Details like these are not just eye candy. They draw one into the story—oh, to have a living room like that!—and also sometimes serve to emphasize a punch line. Private Lives has a highly symmetrical structure; it is from the comparisons between couples that much of the comedy arises. Amanda and Elyot are worldly, wild, and by turns passionate and cynical. Their respective new spouses, Victor Prynne (Peter Wray) and Sibyl Chase (Erin Lindsey Krom) are well meaning, naive, and dull. Many seemingly incidental details in this production play up these differences. For instance, in one scene, Sibyl, all rosy cheeks and delicate femininity, dresses for dinner in a pink lace confection with rhinestones and flounce. Amanda’s dress is also of the era, but hers is a slinky blue silk with sleeves cut to reveal the upper arms.
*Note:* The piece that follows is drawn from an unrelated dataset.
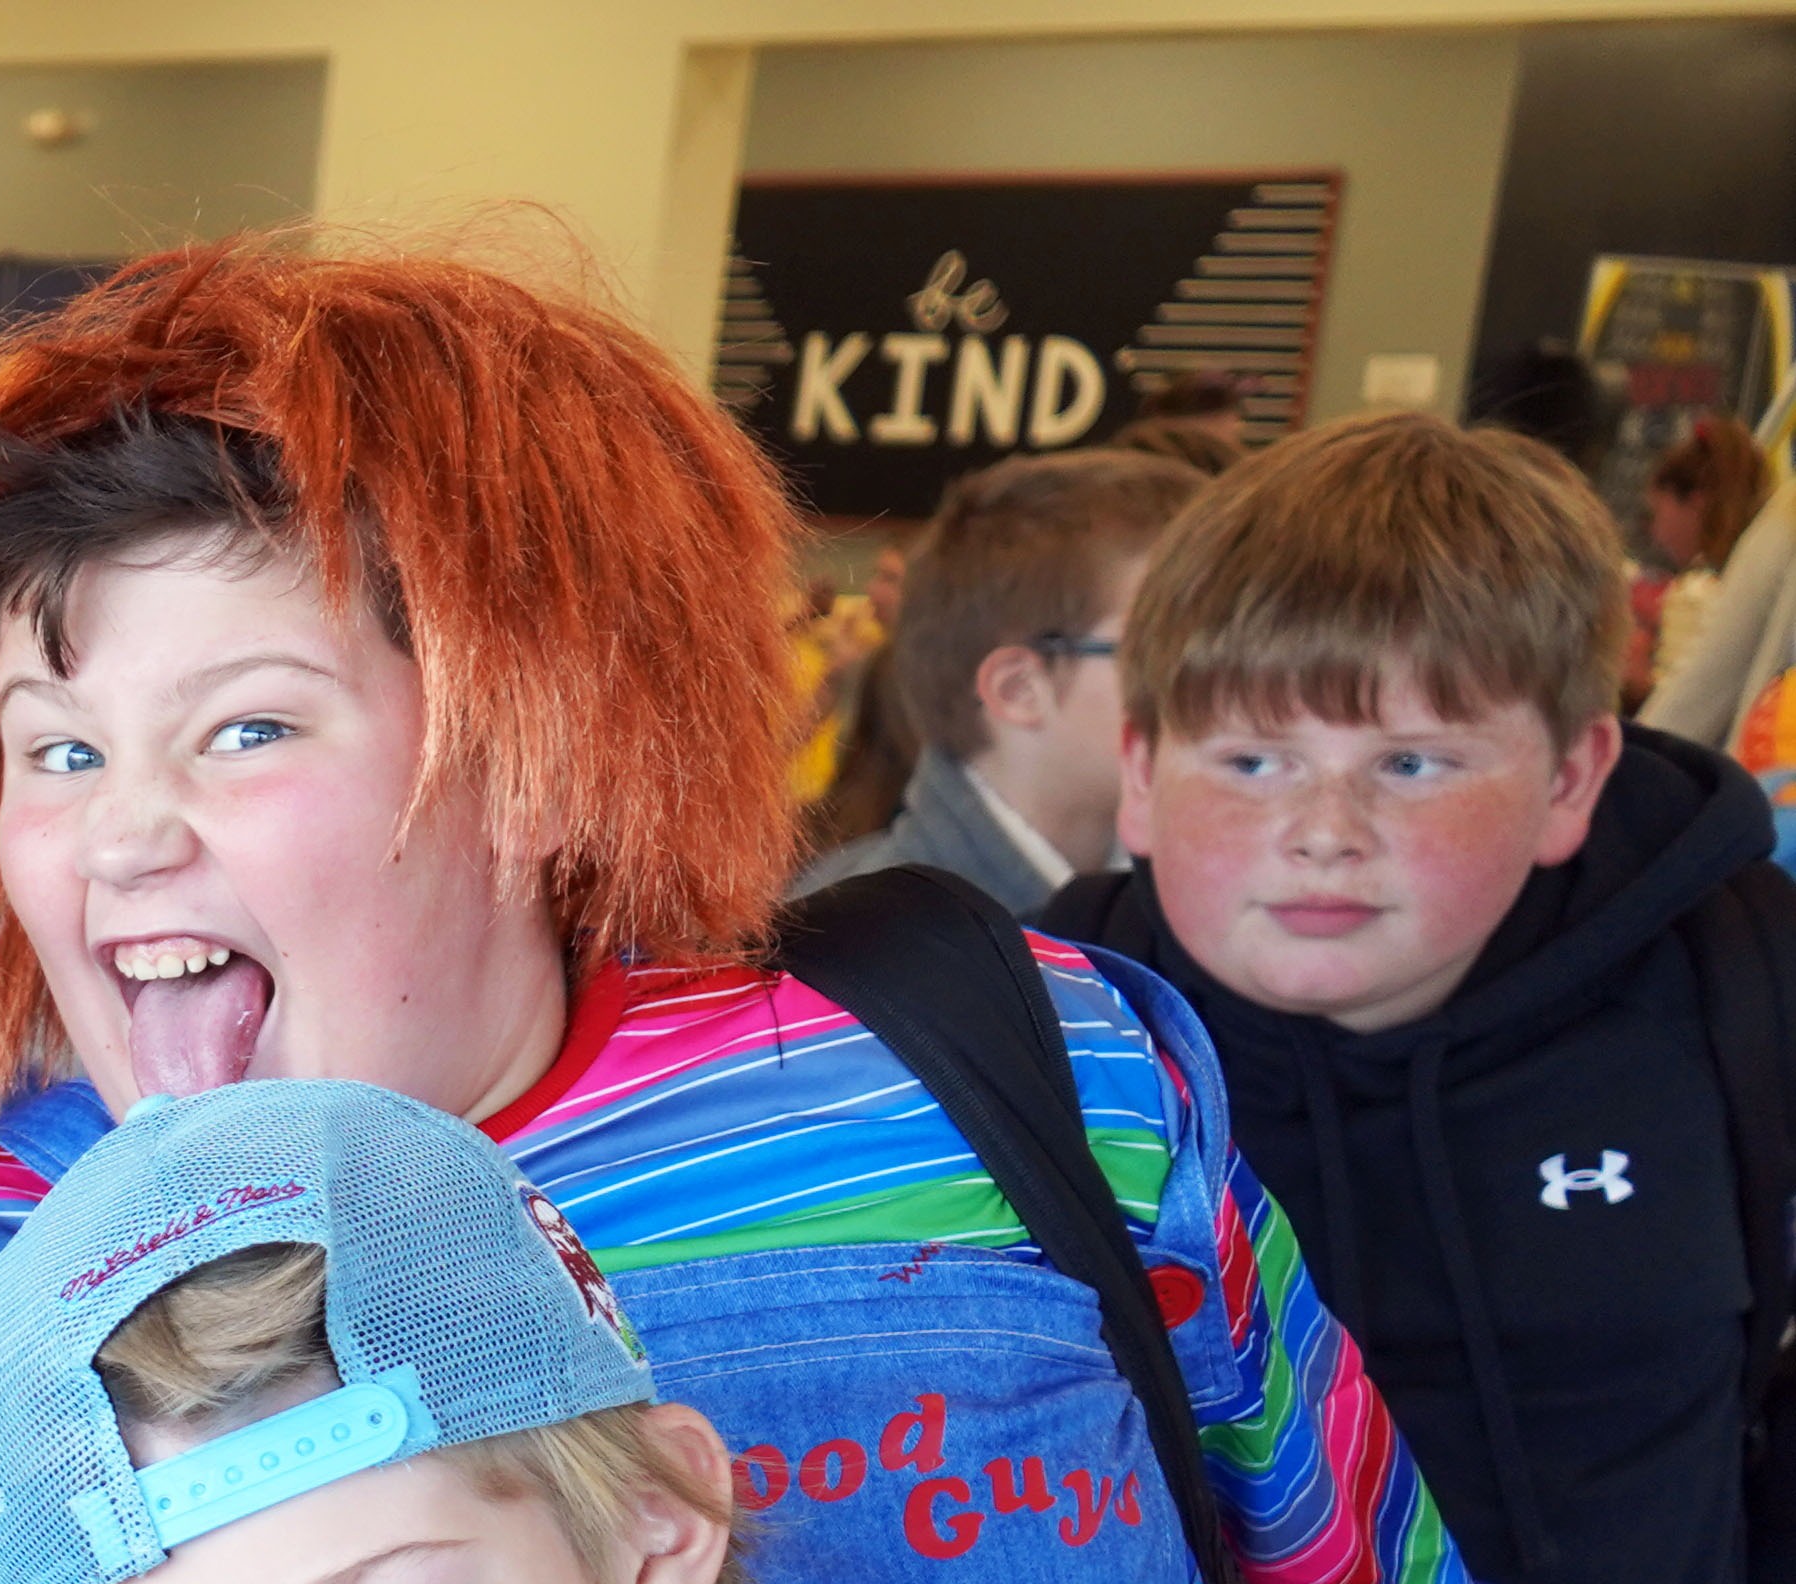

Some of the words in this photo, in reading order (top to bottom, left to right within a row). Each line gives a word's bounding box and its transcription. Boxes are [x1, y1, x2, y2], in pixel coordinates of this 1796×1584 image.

One is a woman and one is a girl, and the costumes do nearly as much as the characters to get this across.

Inanimate features aside, Nelson is the star of the show. With Sibyl, he seems a patronizing, world-weary, arch sort of person—if bitingly funny; he casually throws out lines like, “I should like to cut off your head with a meat ax”—which makes it all the more surprising when he sees Amanda for the first time and his eyes glisten with tears. When they are moony and happy together, Nelson is buoyant with it, prancing absurdly toward Amanda to dance with her, nuzzling her nose unselfconsciously. And when they are at each other’s throats—which is often—his malice often takes the form of infuriating, callous indifference, as if she were an annoying hangnail. Hazlett does a good turn as Amanda, as well, though on opening night she stumbled through several lines early on, slowing the momentum. By Act 2, she was in fine form, every bit the liberated woman, her “heart jagged with sophistication.” Their chemistry together is electric, especially given the comparison of their bland relationships with their new spouses.

Coward said of Victor and Sybil, the supporting roles, that they were “. . . little better than ninepins, lightly wooden, and only there at all in order to be repeatedly knocked down and stood up again.” That’s pretty much it, but both Wray and Krom play their one dimension to the hilt, making you care far more for Elyot and Amanda; they may be damaged, destructive, and doomed, but they’re really so much more interesting (with fights so violent—thrown projectiles, broken records—that one fears for the beautiful set). Kudos too to an often unsung hero, the dialects coach (Gary Logan). All four characters speak with flawless British accents, so subtle one forgets to listen for mistakes.

Private Lives is the sort of production that has the audience rehashing scenes themselves afterward, for laughs. Hide the vinyl.